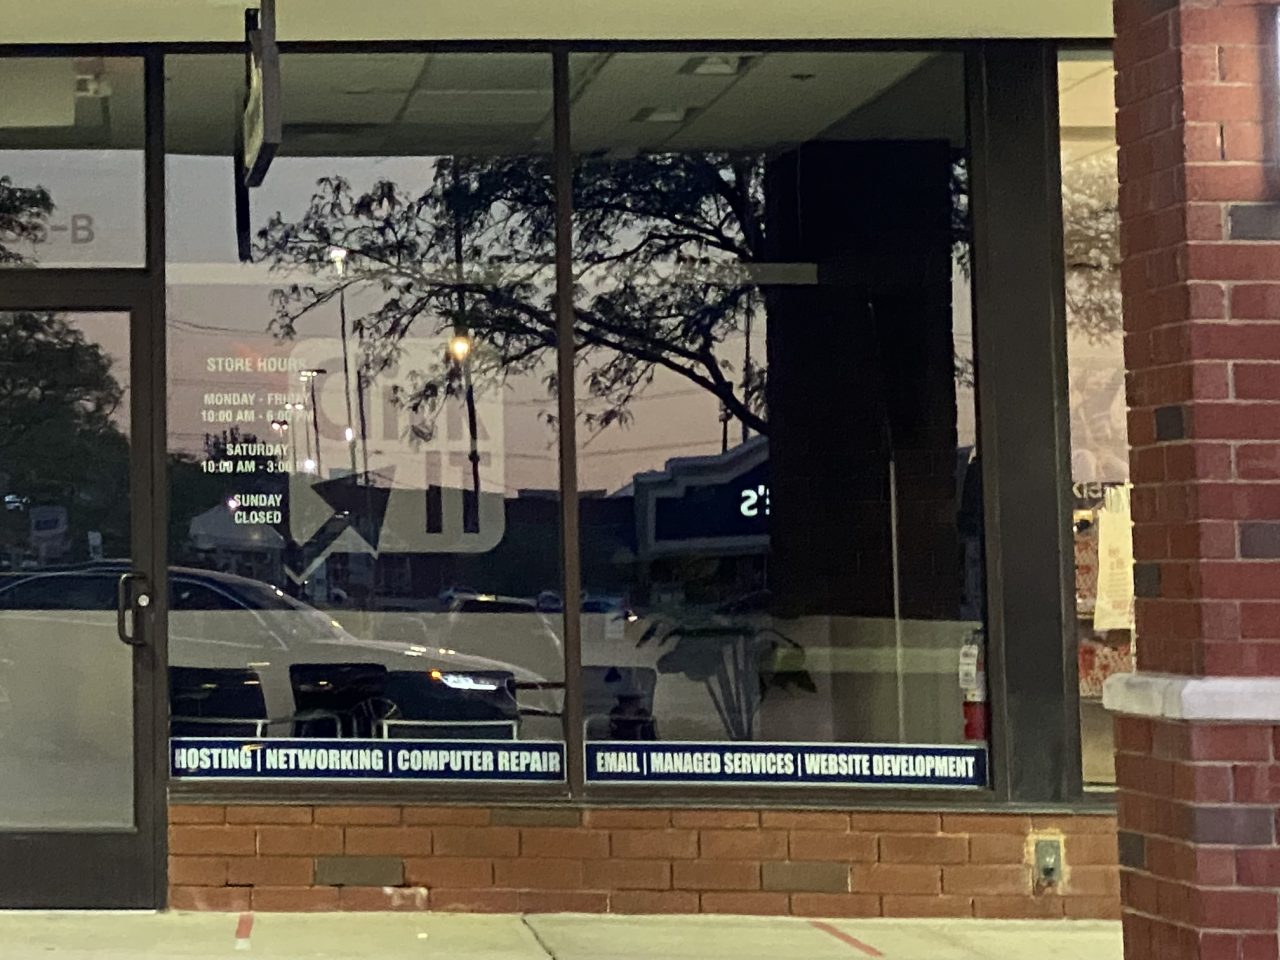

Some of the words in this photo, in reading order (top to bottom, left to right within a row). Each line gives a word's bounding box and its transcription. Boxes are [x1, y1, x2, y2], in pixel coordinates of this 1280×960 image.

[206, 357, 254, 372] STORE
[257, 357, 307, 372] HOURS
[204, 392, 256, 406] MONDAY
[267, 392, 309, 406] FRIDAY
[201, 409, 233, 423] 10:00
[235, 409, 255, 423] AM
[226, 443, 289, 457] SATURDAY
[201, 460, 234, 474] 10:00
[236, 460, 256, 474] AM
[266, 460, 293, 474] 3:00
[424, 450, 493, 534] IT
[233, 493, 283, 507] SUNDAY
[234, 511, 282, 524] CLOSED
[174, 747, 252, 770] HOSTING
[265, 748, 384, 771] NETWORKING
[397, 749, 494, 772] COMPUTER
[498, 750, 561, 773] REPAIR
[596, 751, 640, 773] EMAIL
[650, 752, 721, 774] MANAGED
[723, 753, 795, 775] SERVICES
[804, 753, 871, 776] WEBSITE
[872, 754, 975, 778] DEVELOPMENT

────────

- REQUIRED ACTION
Before copying the data, remove the pictures. Then repeat the rest exactly.

- EXERCISE ANSWER
Some of the words in this photo, in reading order (top to bottom, left to right within a row). Each line gives a word's bounding box and its transcription. Boxes are [x1, y1, x2, y2], in pixel coordinates of this 1280×960 image.

[206, 357, 254, 372] STORE
[257, 357, 307, 372] HOURS
[204, 392, 256, 406] MONDAY
[267, 392, 309, 406] FRIDAY
[201, 409, 233, 423] 10:00
[235, 409, 255, 423] AM
[226, 443, 289, 457] SATURDAY
[201, 460, 234, 474] 10:00
[236, 460, 256, 474] AM
[266, 460, 293, 474] 3:00
[424, 450, 493, 534] IT
[233, 493, 283, 507] SUNDAY
[234, 511, 282, 524] CLOSED
[174, 747, 252, 770] HOSTING
[265, 748, 384, 771] NETWORKING
[397, 749, 494, 772] COMPUTER
[498, 750, 561, 773] REPAIR
[596, 751, 640, 773] EMAIL
[650, 752, 721, 774] MANAGED
[723, 753, 795, 775] SERVICES
[804, 753, 871, 776] WEBSITE
[872, 754, 975, 778] DEVELOPMENT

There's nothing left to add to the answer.